Dolphins and Whales|to Dodge More Bullets

     WASHINGTON (CN) – The National Marine Fisheries Service plans to issue a five-year Letter of Authorization (LOA) to Elgin Air Force Base in Florida for the incidental harassment, or “take,” of six species of dolphins and whales that may be affected by weapons testing and training exercises, according to a recent proposed rule.
     The Elgin “military readiness activities” involve Precision Strike Weapon (PSW) and Air-to-Surface (AS) gunnery missions. The PSW missions use two weapons, a Joint Air-to-Surface Stand-off Missile with an underwater detonation of approximately 300 lbs net explosive weight, and a small diameter bomb, with an approximate 96 lbs of net explosive weight. The AS gunnery missions create surface impacts of projectiles and small underwater detonations with 25-mm, 40-mm, and 105-mm gunnery rounds, the action noted. The PSW missions would use live shots and inert shots, and the AS missions would use a mix of “training rounds” and “full-up” rounds.
     To grant LOAs, the NMFS must determine that the effects on the marine mammals will be “negligible” and will not have an “unmitigable” adverse impact on the species for subsistence use.
     The agency says “there are no relevant subsistence uses of marine mammals implicated by this action,” and further maintains “there is no evidence that planned activities could result in serious injury or mortality within the specified geographic area for the requested authorization,” according to the proposed rule.
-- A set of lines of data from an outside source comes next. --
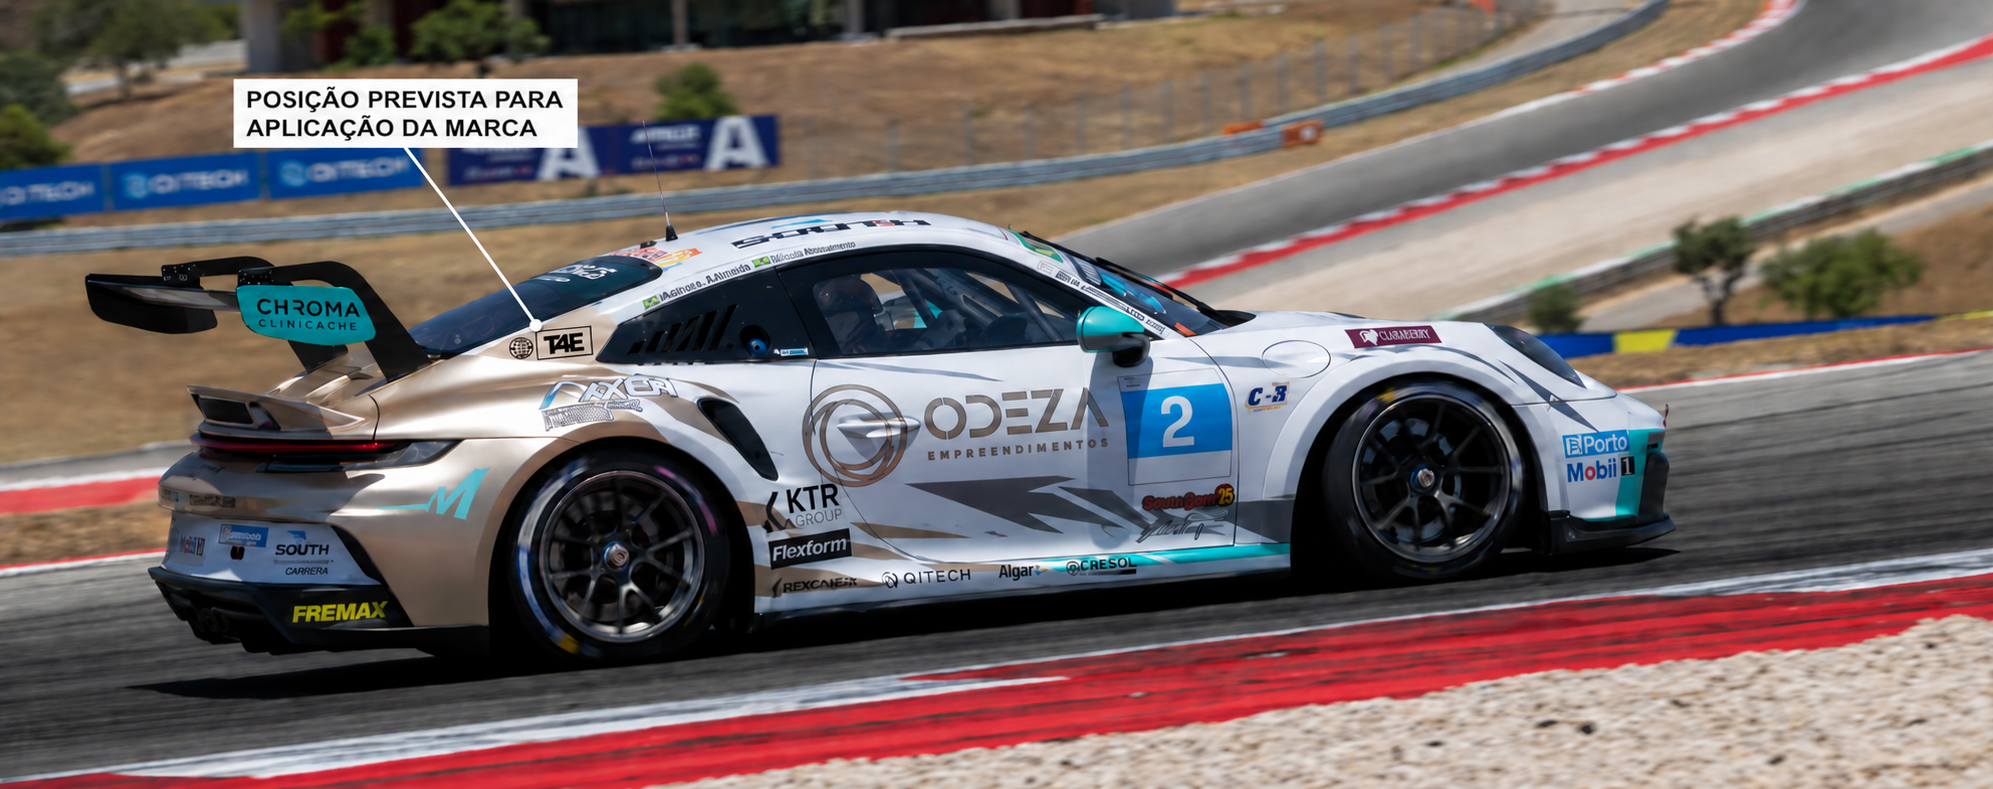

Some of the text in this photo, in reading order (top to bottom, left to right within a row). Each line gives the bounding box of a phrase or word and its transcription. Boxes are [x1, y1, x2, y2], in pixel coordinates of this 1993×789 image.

[257, 298, 360, 318] CHROMA
[258, 319, 357, 331] CLINICACHE
[924, 387, 1109, 440] ODEZA
[1161, 395, 1195, 448] 2
[927, 438, 1109, 461] EMPREENDIMENTOS
[1583, 434, 1628, 454] Porto
[1622, 457, 1632, 475] 1
[786, 483, 840, 514] KTR
[1218, 487, 1235, 505] 25
[795, 508, 843, 528] GROUP
[275, 544, 330, 556] SOUTH
[772, 537, 847, 562] Flexform
[285, 567, 329, 576] CARRERA
[999, 564, 1034, 581] Algar
[1081, 557, 1137, 571] CRESOL
[903, 569, 971, 584] QITECH
[292, 601, 388, 623] FREMAX
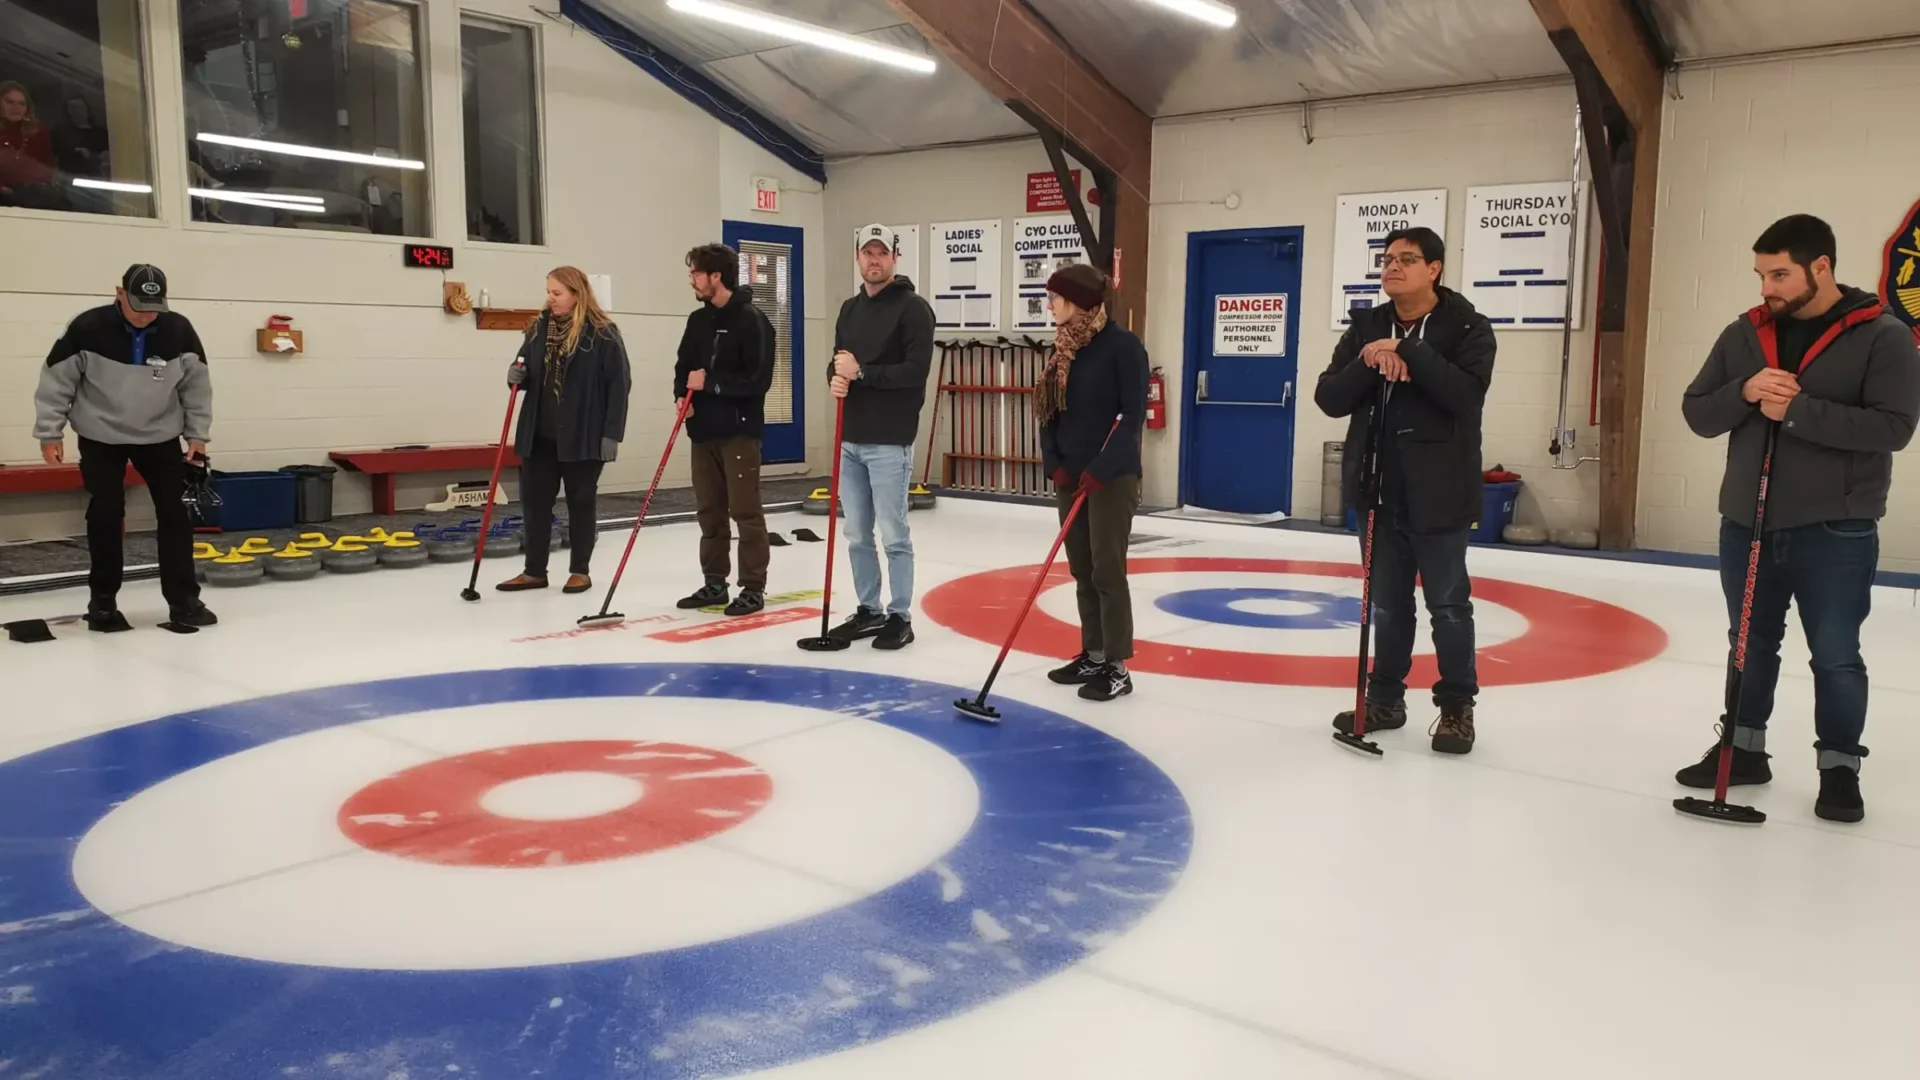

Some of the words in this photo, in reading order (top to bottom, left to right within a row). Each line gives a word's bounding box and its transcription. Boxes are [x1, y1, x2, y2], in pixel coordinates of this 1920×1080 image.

[757, 190, 777, 210] EXIT
[1486, 195, 1567, 212] THURSDAY
[1358, 203, 1419, 217] MONDAY
[1366, 220, 1409, 233] MIXED
[1480, 215, 1534, 229] SOCIAL
[1538, 212, 1571, 226] CYO
[945, 229, 984, 241] LADIES'
[1025, 226, 1047, 237] CYO
[1049, 224, 1080, 235] CLUB
[945, 243, 983, 255] SOCIAL
[1014, 237, 1086, 252] COMPETITIV
[413, 247, 441, 266] 4:24
[1219, 299, 1283, 313] DANGER
[1223, 325, 1277, 333] AUTHORIZED
[1223, 335, 1273, 343] PERSONNEL
[1237, 344, 1260, 352] ONLY
[1733, 540, 1762, 673] TOURNAMENT
     Regarding military readiness activities, the Marine Mammal Protection Act defines take or “harassment” as “(i) Any act that injures or has the significant potential to injure a marine mammal or marine mammal stock in the wild (Level A harassment); or (ii) any act that disturbs or is likely to disturb a marine mammal or marine mammal stock in the wild by causing disruption of natural behavioral patterns, including, but not limited to, migration, surfacing, nursing, breeding, feeding, or behavioral patterns are abandoned or significantly altered (Level B harassment).”
     “These LOAs, if approved, would authorize the take, by Level A (physiological) and Level B (behavioral) harassment, of Atlantic bottlenose dolphin (Tursiops truncatus) and Atlantic spotted dolphin (Stenella frontalis) incidental to PSW testing and training activities. Takes of dwarf sperm whale (Kogia simus), pygmy sperm whale (K. breviceps), Atlantic bottlenose dolphins (Tursiops truncatus), Atlantic spotted dolphin (Stenella frontalis), pan tropical spotted dolphin (S. attenuate), and spinner dolphin (S. longirostris) by Level B harassment would also be authorized incidental to AS gunnery testing and training operations,” the proposed rule says.
     The military operations could potentially harm marine mammals by exposing them to “impulsive noise and pressure waves generated by ordnance detonation at or near the surface of the water,” according to the proposed rule.
     The agency admits that “because the few available studies show wide variation in response to underwater sound, it is difficult to quantify exactly how sound from PSW and AS gunnery missions would affect marine mammals.”
     Approximately 21 marine mammal species are found near the Eglin Gulf Test and Training Range in the Gulf of Mexico, but the species most likely to be affected by the testing activities are the Atlantic bottlenose dolphin, Atlantic spotted dolphin, pantropical spotted dolphin, spinner dolphin, and dwarf and pygmy sperm whales.
     The NMFS requests comments and information on its proposal by June 6, 2013.